And and then there's the internal siren. And when that clicks on then that can really rev up the emotional or the nervous system side of it. So the emotional side of it is typically fear, some version of fear and shame combined.
And so there's fear of the being seen, but there's also the shame of like if they see me, they will find out that I am broken, right? And so the I'm broken and the fear together is pretty much what's going on in those moments. Then the nervous system side is just like fight, flight, or freeze. That's what's happening. Often times folks when they when they are being seen in a meeting or something like that, they'll just >> they'll just freeze, right?
>> Or some of them will please, oh, I'm going to I'm going to I'll say the thing that makes everybody happy and then and then they're like, okay, great.
>> Yeah, just blend in.
>> Blend in. And so it's one of those two things is going to happen on the nervous system level. And so >> and it's going to be very activated.
They're going to feel hot. they're going to feel, you know, like a lot of charge in the system from the from the nervous system.
>> Yeah. Okay. So, you you've got you've got all these layers of a stack here.
You've got the the thoughts, the emotions, the the nervous system, and sometimes they're just >> fighting each other like intellectually somebody knows I have something valuable to share here. I showed up to this coaching session because I want to see through my patterns.
>> Yes.
>> And the nervous systems locked up, right?
>> Maybe even vice versa sometimes. So, I I'd love to talk about now where where can somebody start working on this first? What's of all these different ways that this shows up? What's a what's a good entry point for somebody to start investigating to change the pattern?
>> Yeah. So, like I I'll tell you a story.
I had dinner the other night with this husband and wife team. They're like really super powerful, doing great stuff in the world. And the wife, every time she saw that I saw her, she would, you know, now she is like amazing on all fronts. She's a beautiful person. She's a beautiful woman, physically beautiful. She's done crazy cool stuff in the world, achieved stuff that most people would dream about achieving.
And as a mom and loving and sweet, like just like wow, right? And every time I saw her, she would look up, look down, like and it's one point in the meeting, her husband got up, went to the bathroom, and I started talking to her about and she was basically saying some some version of like, "My kids, I'm worried about my kids not getting their needs met. I'm not worried about me >> not getting my needs met." I'm like, "Oh." And she's like, "Yeah, basically my needs are met." And I just went through like really emotional being needs being met. No seen. And she just like shut down.
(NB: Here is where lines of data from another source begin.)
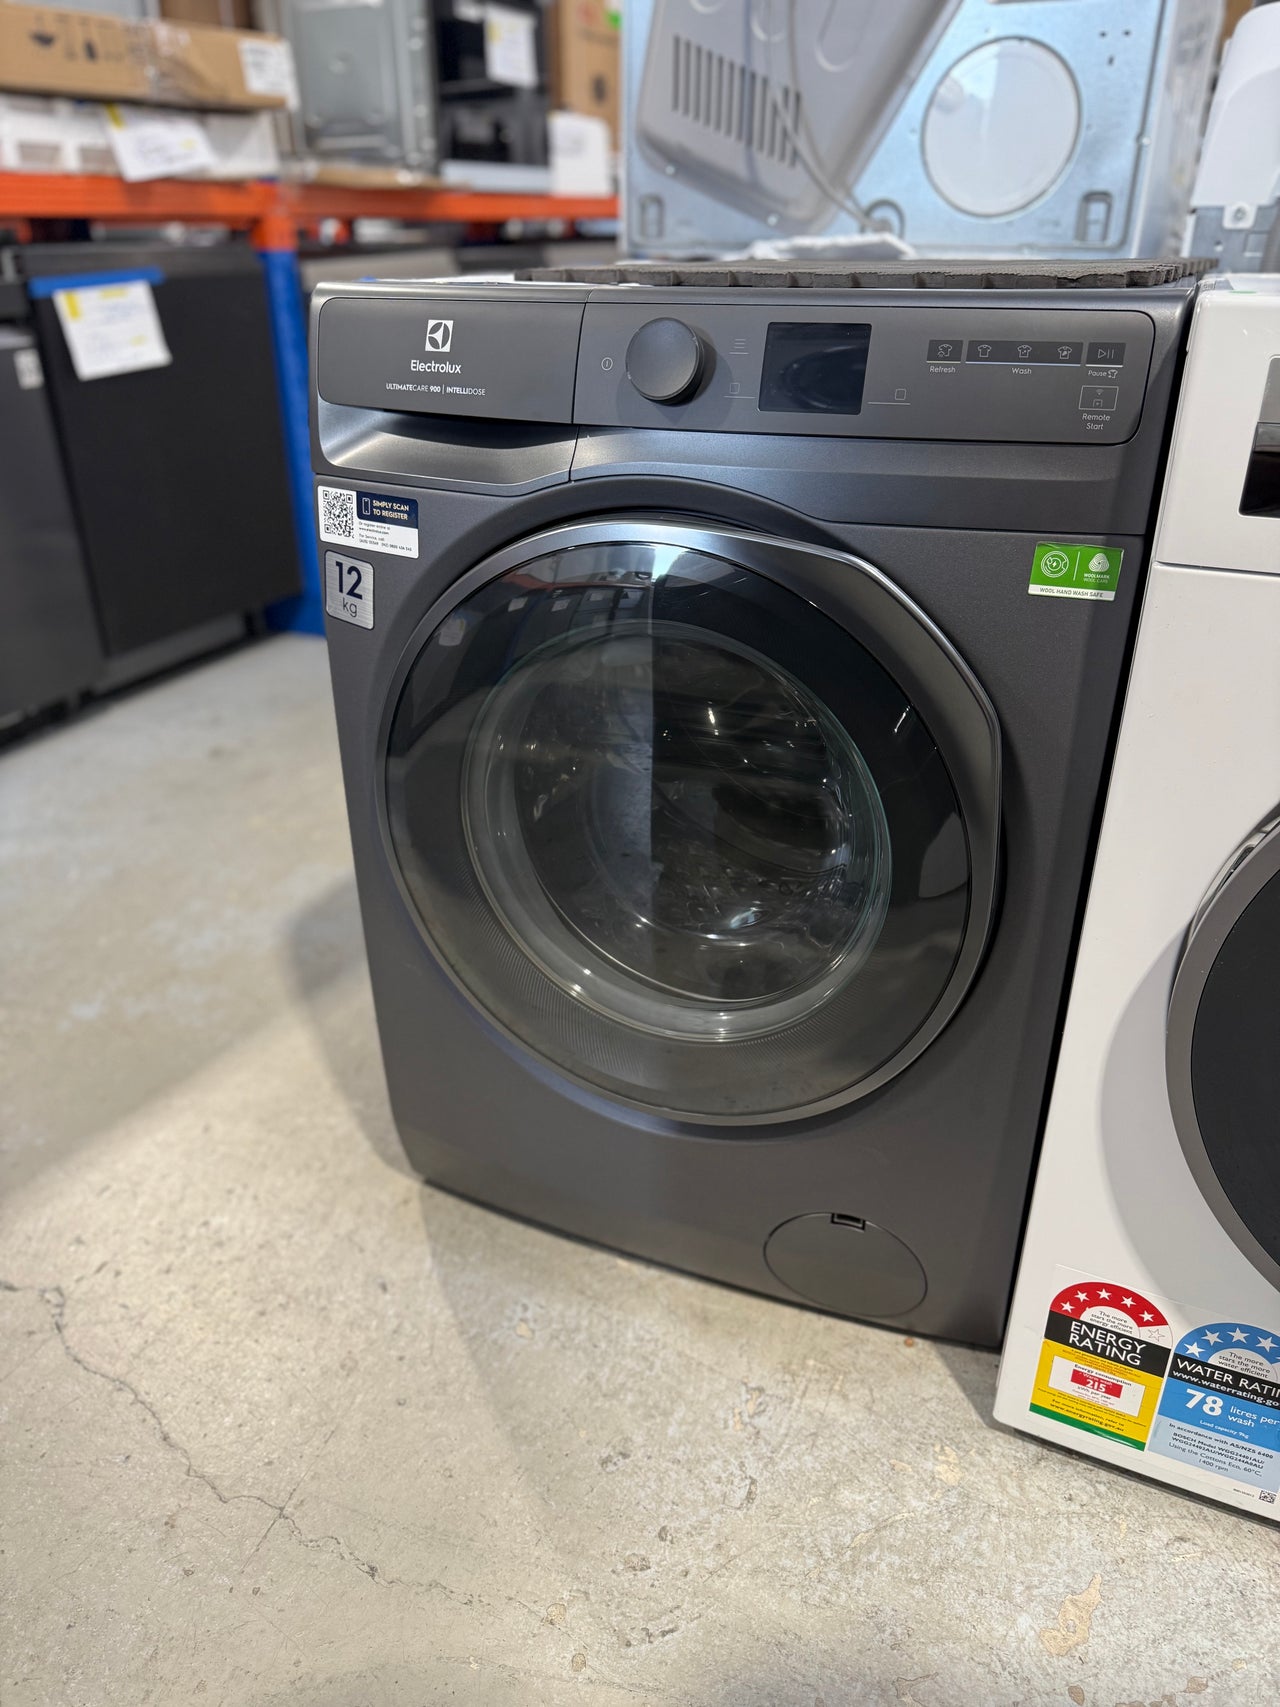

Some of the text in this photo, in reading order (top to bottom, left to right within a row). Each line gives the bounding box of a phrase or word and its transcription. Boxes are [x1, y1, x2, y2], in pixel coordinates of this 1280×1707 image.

[410, 359, 462, 374] Electrolux
[929, 365, 956, 374] Refresh
[1012, 367, 1032, 375] Wash
[1088, 369, 1108, 377] Pause
[386, 382, 486, 396] ULTIMATECARE 900 INTELLIDOSE
[1082, 412, 1111, 422] Remote
[1086, 421, 1104, 431] Start
[372, 499, 409, 512] SIMPLY SCAN
[373, 508, 408, 521] TO REGISTER
[335, 560, 363, 600] 12
[1083, 572, 1110, 580] WOOLMARK
[342, 597, 358, 618] kg
[1091, 1313, 1105, 1321] stars
[1117, 1322, 1133, 1330] more
[1099, 1310, 1110, 1318] The
[1090, 1318, 1109, 1328] energy
[1070, 1320, 1147, 1355] ENERGY
[1069, 1332, 1142, 1366] RATING
[1219, 1355, 1235, 1364] stars
[1250, 1364, 1271, 1374] more
[1229, 1351, 1264, 1366] The more
[1074, 1363, 1095, 1375] Energy
[1094, 1371, 1132, 1387] consumption
[1177, 1358, 1234, 1385] WATER
[1218, 1360, 1269, 1379] water efficient
[1085, 1378, 1107, 1392] 215
[1185, 1388, 1280, 1426] 78 litres per
[1200, 1419, 1214, 1428] Load
[1214, 1424, 1238, 1436] capacity
[1227, 1414, 1255, 1428] wash
[1173, 1432, 1197, 1443] BOSCH
[1197, 1439, 1217, 1450] Model
[1176, 1425, 1213, 1440] accordance
[1214, 1437, 1228, 1445] with
[1229, 1442, 1256, 1454] AS/NZS
[1257, 1451, 1274, 1459] 6400
[1168, 1441, 1186, 1453] Using
[1187, 1448, 1199, 1456] the
[1199, 1452, 1226, 1465] Cottons
[1198, 1458, 1229, 1473] 1400 rpm
>> Her husband came back and he's like, "Well, did you open up more? Like what did you say now that I was gone?" She goes, "No, no, no. I just shut down even more."
>> And then they laughed about it. She said it. And then, yeah, it was great. It was self-aware, too. Right. Amazing woman.
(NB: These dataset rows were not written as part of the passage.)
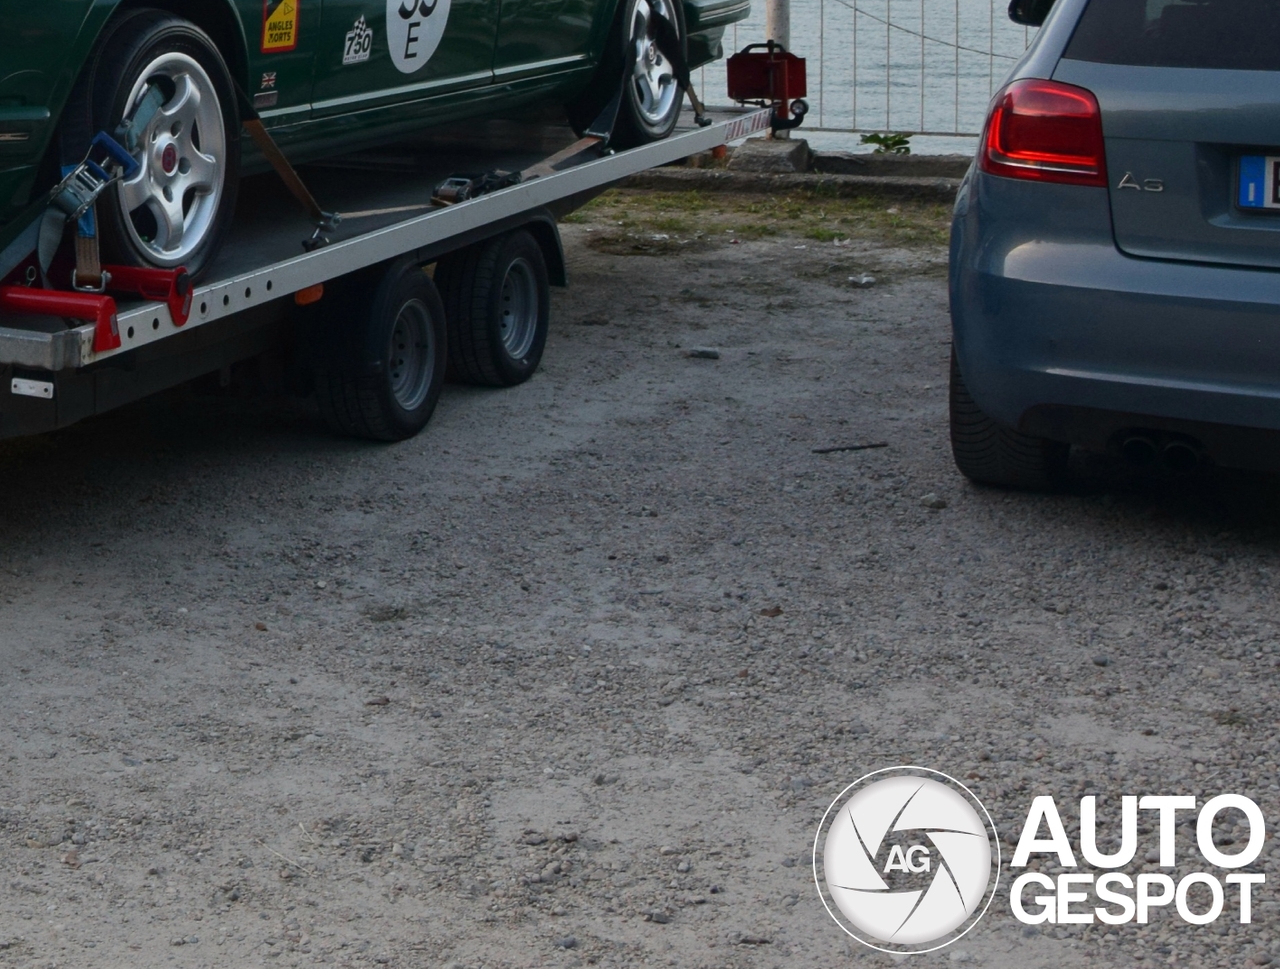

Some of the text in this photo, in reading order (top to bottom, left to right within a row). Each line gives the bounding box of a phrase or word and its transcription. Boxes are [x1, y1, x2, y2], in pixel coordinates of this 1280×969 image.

[268, 20, 293, 32] ANGLES
[346, 33, 371, 56] 750
[404, 21, 421, 59] E
[1117, 171, 1164, 192] A3
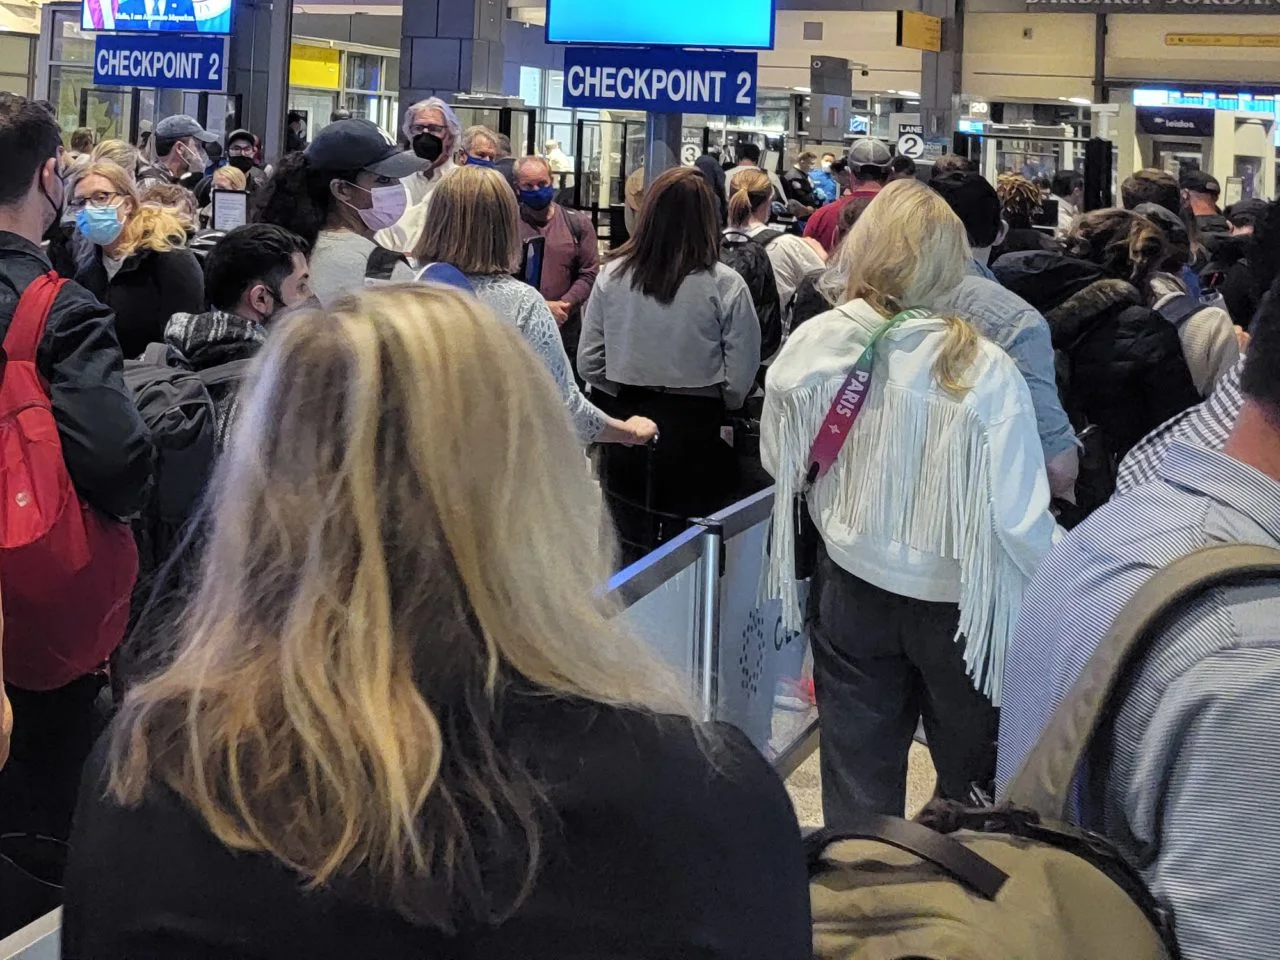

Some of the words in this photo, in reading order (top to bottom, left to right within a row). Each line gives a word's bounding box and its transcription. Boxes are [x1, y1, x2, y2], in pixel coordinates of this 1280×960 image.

[96, 48, 203, 80] CHECKPOINT
[208, 52, 220, 81] 2
[567, 65, 727, 104] CHECKPOINT
[735, 71, 752, 104] 2
[972, 102, 988, 113] 20
[900, 125, 923, 133] LANE
[684, 146, 696, 162] 3
[903, 137, 918, 156] 2
[835, 370, 869, 419] PARIS
And then and then and then they both laugh together. But that's like the quintessential thing of like, okay, well, what is it that makes her like this amazing person, but not being able to admit her own needs is very much exactly the same thing as being seen and what made her scared, which is this shame of like, oh, it's not okay for me to have needs or the needs that I have aren't okay or who I am generally isn't okay. And so I'm going to just evacuate all of my own things that I need that I that I want because they must be bad.
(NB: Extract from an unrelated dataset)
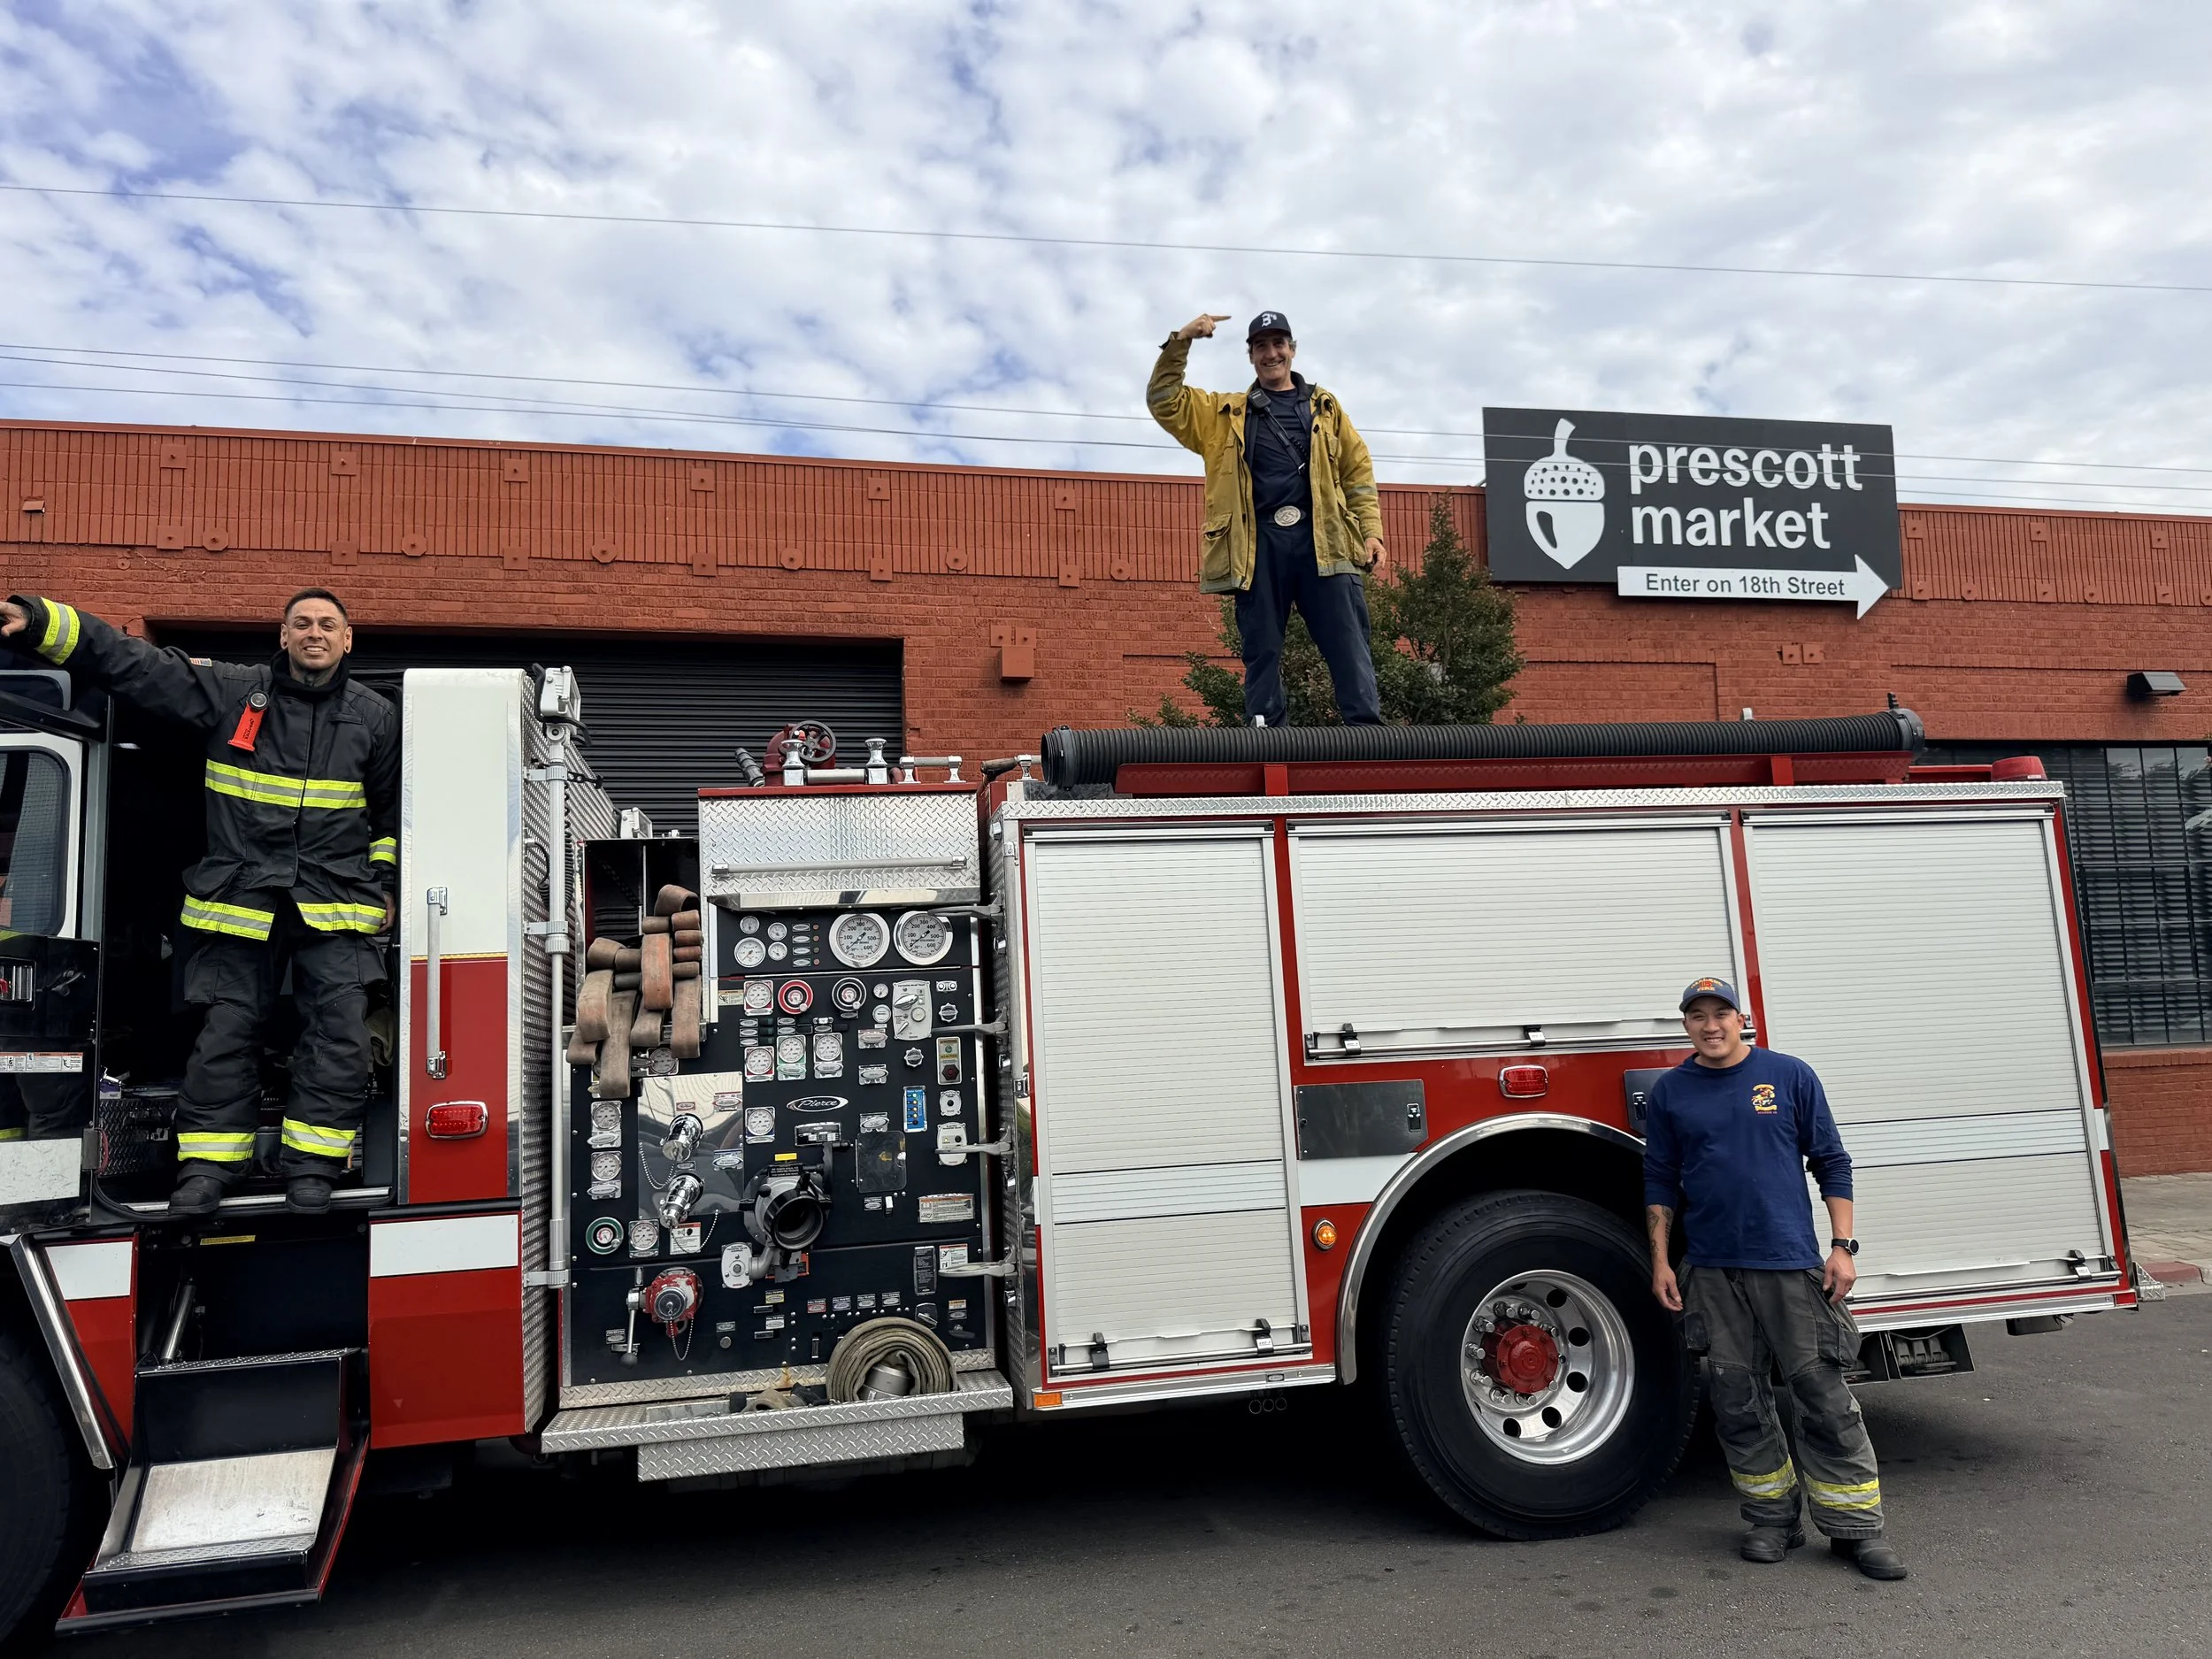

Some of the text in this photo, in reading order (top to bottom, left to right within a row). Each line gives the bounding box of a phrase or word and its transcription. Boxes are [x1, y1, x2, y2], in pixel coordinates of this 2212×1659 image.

[1629, 443, 1863, 495] prescott
[1632, 497, 1831, 549] market
[1646, 573, 1845, 595] Enter on 18th Street
>> And so those two things are part and parcel of the of the pattern. And so if you're if you're working on the pattern, there's lots and lots of ways to work on it. Um, but one of the ways to work on it is to actually open your heart to yourself and say, "What is it that I need?"
Because that flies exactly in the face of somebody me worried about what you think >> you worried about what you're you're right because I'm now worried. I'm all about you. I'm worried about you.
>> Which is another way of trying to take care of your needs. So if if my needs in if my needs directly aren't safe, aren't welcome, aren't >> good, then if I take care of yours, then by proxy my needs might get taken care of, >> right? Except for it never works, >> right?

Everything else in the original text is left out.